(Phrase grounding data)
:::::

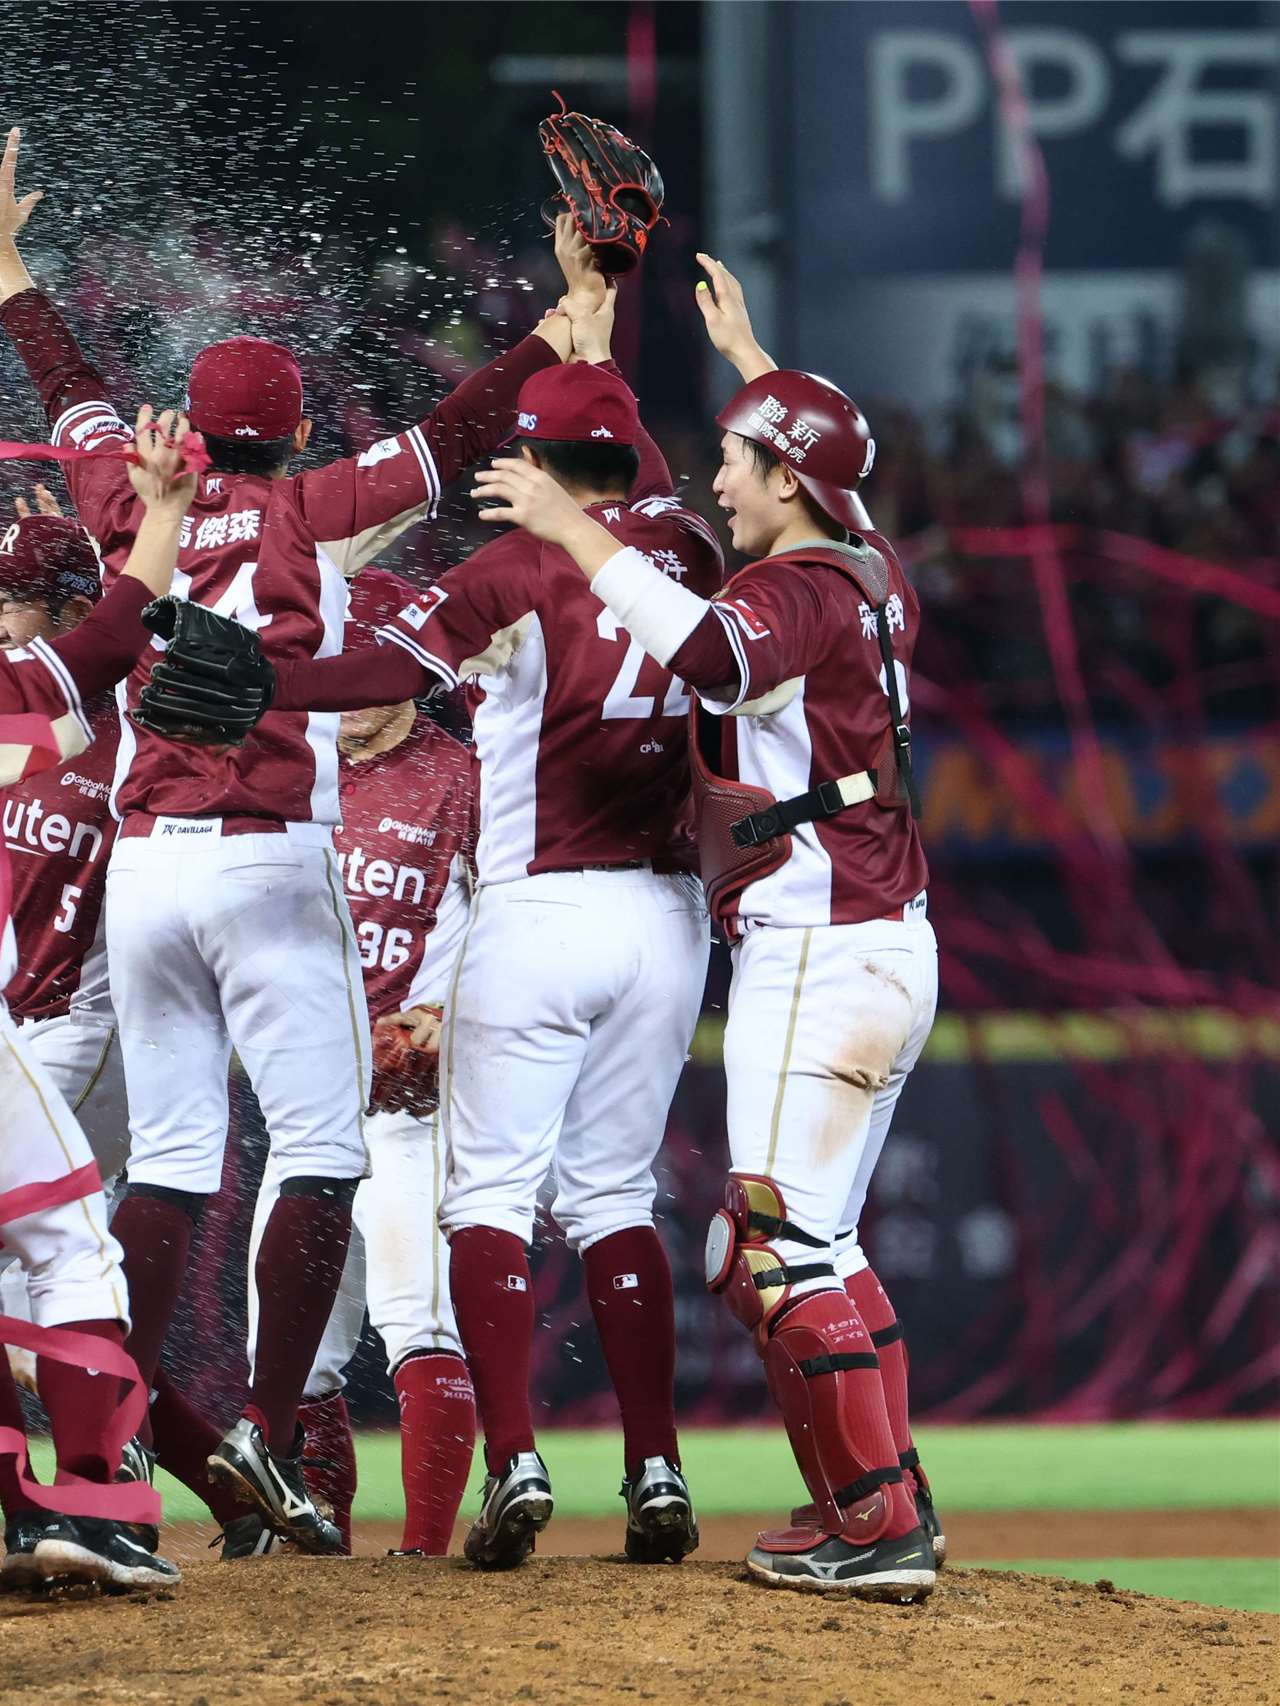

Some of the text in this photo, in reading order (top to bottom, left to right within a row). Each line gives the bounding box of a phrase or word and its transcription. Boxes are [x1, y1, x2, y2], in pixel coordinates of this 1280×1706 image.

[757, 394, 821, 450] 聯新
[53, 883, 82, 933] 5
[357, 921, 413, 972] 36
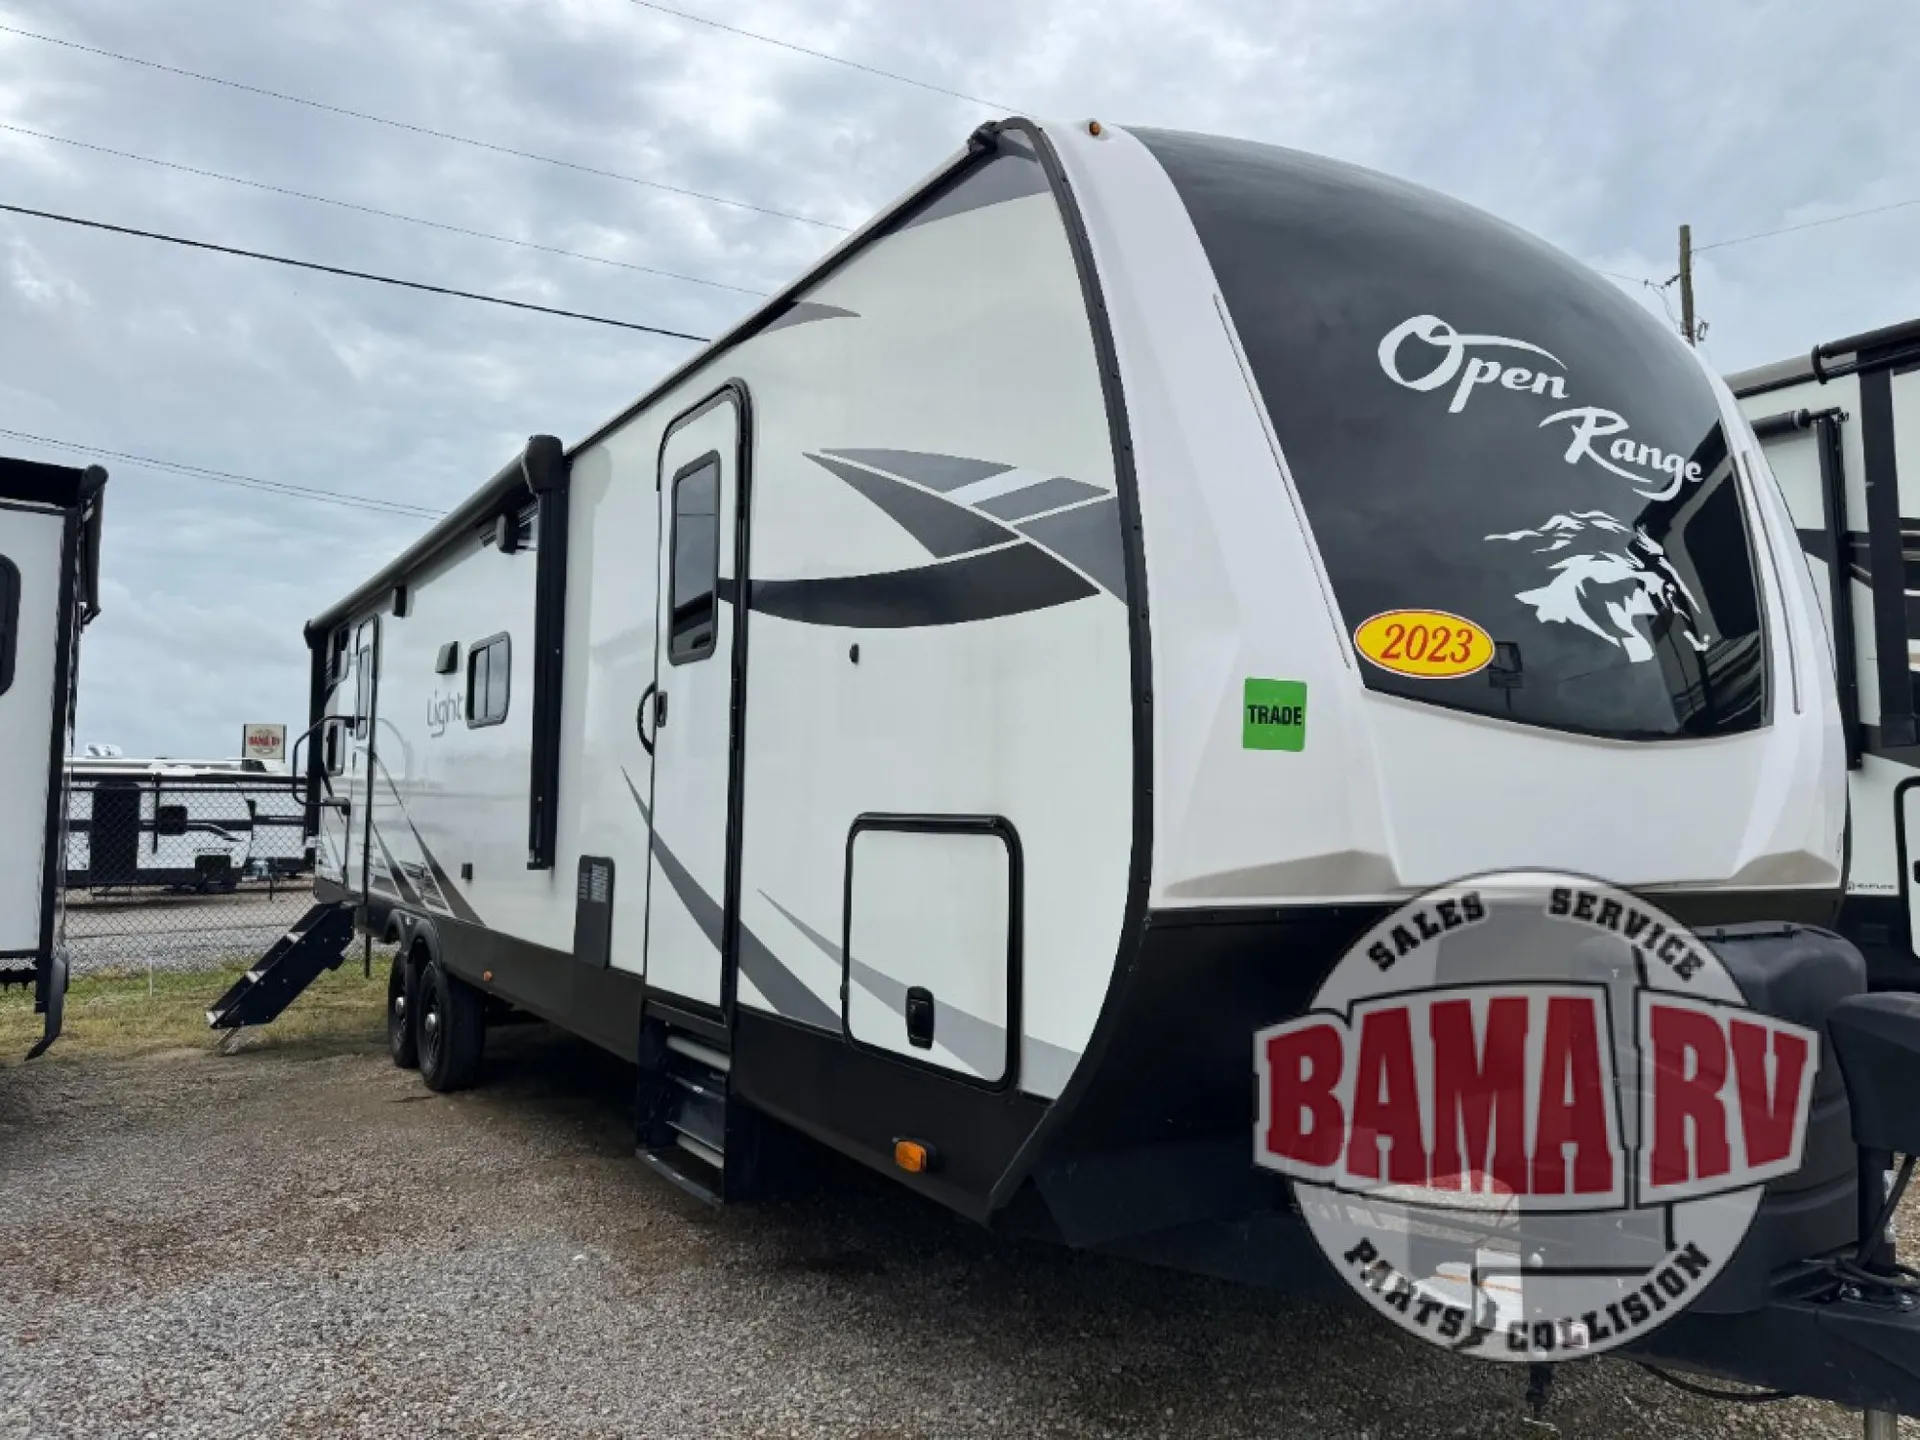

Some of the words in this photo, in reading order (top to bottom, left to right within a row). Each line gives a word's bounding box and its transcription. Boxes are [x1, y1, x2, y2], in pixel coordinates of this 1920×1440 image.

[1378, 314, 1570, 413] Open
[1539, 406, 1703, 500] Range
[1380, 624, 1473, 663] 2023
[427, 689, 463, 738] Light
[1248, 704, 1302, 726] TRADE

:::::

What this task involves: Without the pictures, return each entry exactly as given.

Solution to this exercise:
Some of the text in this photo, in reading order (top to bottom, left to right within a row). Each line gives the bounding box of a phrase or word and its transcription. Boxes are [x1, y1, x2, y2], in pixel coordinates of this 1280×1706 image.

[757, 394, 821, 450] 聯新
[53, 883, 82, 933] 5
[357, 921, 413, 972] 36

Some of the words in this photo, in reading order (top to bottom, left to right within a row). Each line gives a word's bounding box and its transcription. Boxes are [x1, y1, x2, y2], in pixel coordinates of this 1920×1440 image.

[1378, 314, 1570, 413] Open
[1539, 406, 1703, 500] Range
[1380, 624, 1473, 663] 2023
[427, 689, 463, 738] Light
[1248, 704, 1302, 726] TRADE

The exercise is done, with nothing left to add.